## DESCRIPTION OF THE TASK
Repeat each entry word for word. Leave any images out of the copy.

Images for object localization:
************
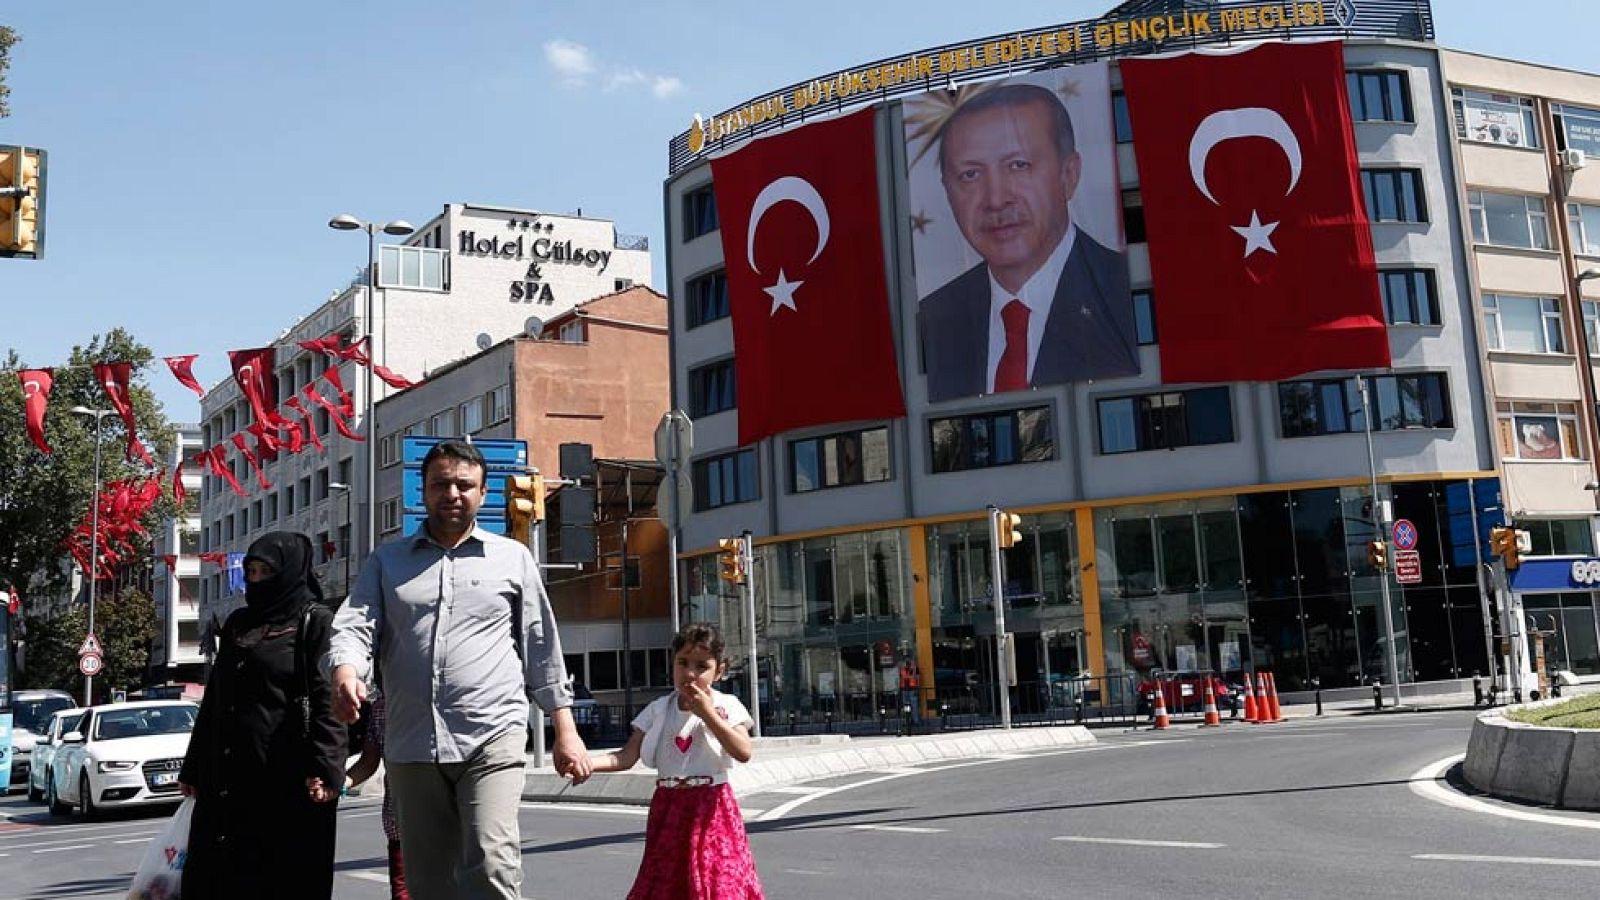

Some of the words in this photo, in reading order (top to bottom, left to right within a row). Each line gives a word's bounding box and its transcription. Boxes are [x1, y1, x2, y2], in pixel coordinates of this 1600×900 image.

[708, 96, 787, 143] İSTANBUL
[939, 25, 1081, 73] BELEDİYESİ
[1094, 9, 1211, 47] GENÇLİK
[1221, 0, 1325, 31] MECLİSİ
[459, 229, 523, 258] Hotel
[532, 237, 611, 275] Gülsoy
[526, 261, 542, 279] &
[509, 280, 555, 302] SPA
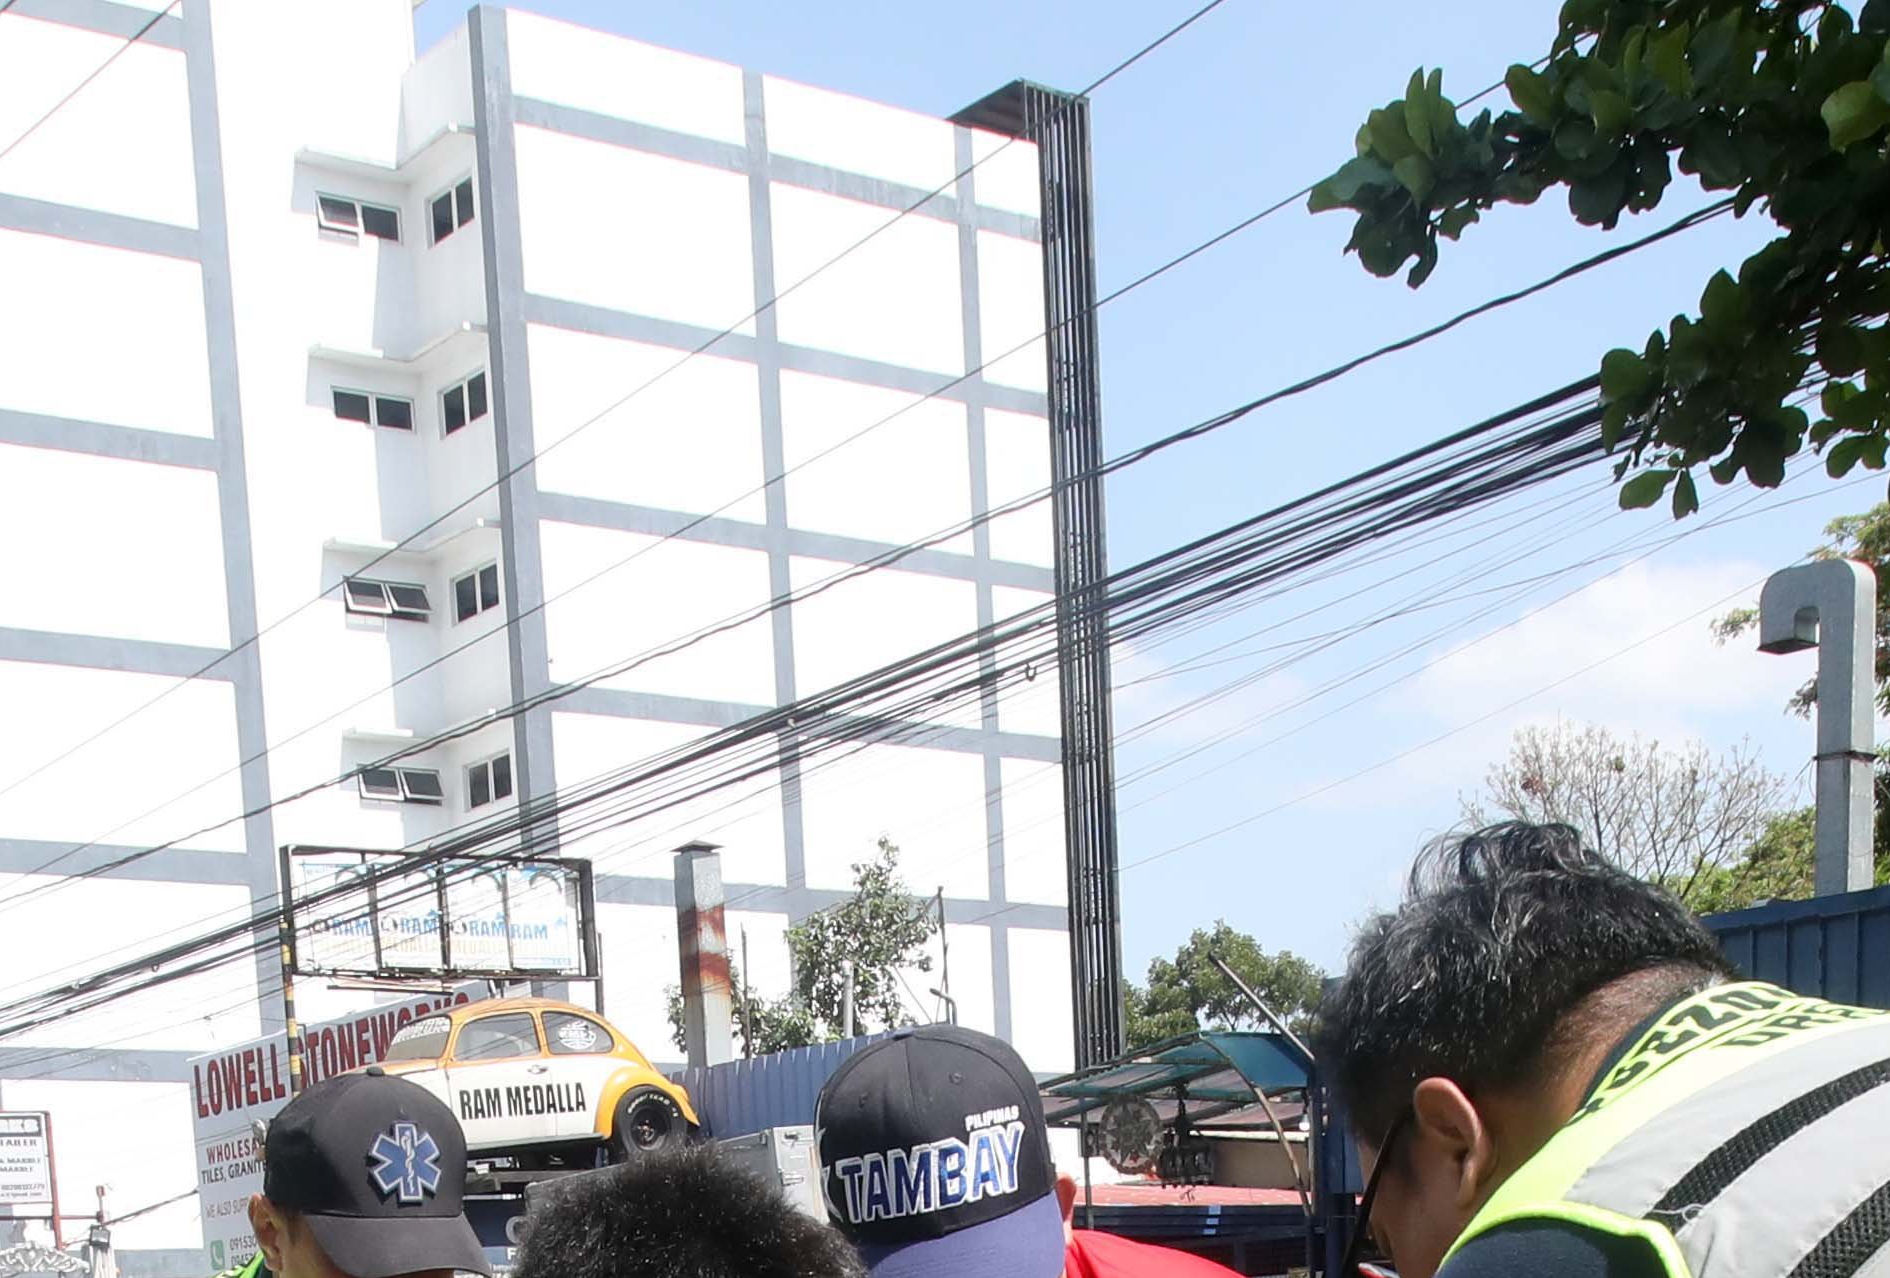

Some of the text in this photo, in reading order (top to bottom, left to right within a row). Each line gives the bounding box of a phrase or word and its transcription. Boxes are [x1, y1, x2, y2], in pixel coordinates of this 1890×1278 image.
************
## WRITTEN RESPONSE
Some of the words in this photo, in reading order (top to bottom, left to right within a row). Each line gives a word's bounding box and its transcription. Boxes are [x1, y1, x2, y2], in pixel coordinates of this 1600×900 image.

[708, 96, 787, 143] İSTANBUL
[939, 25, 1081, 73] BELEDİYESİ
[1094, 9, 1211, 47] GENÇLİK
[1221, 0, 1325, 31] MECLİSİ
[459, 229, 523, 258] Hotel
[532, 237, 611, 275] Gülsoy
[526, 261, 542, 279] &
[509, 280, 555, 302] SPA

Some of the text in this photo, in reading order (top to bottom, left to right within a row). Each line gives the bounding box of a phrase or word and its transcription. Boxes are [x1, y1, x2, y2], in pixel coordinates of this 1890×1278 image.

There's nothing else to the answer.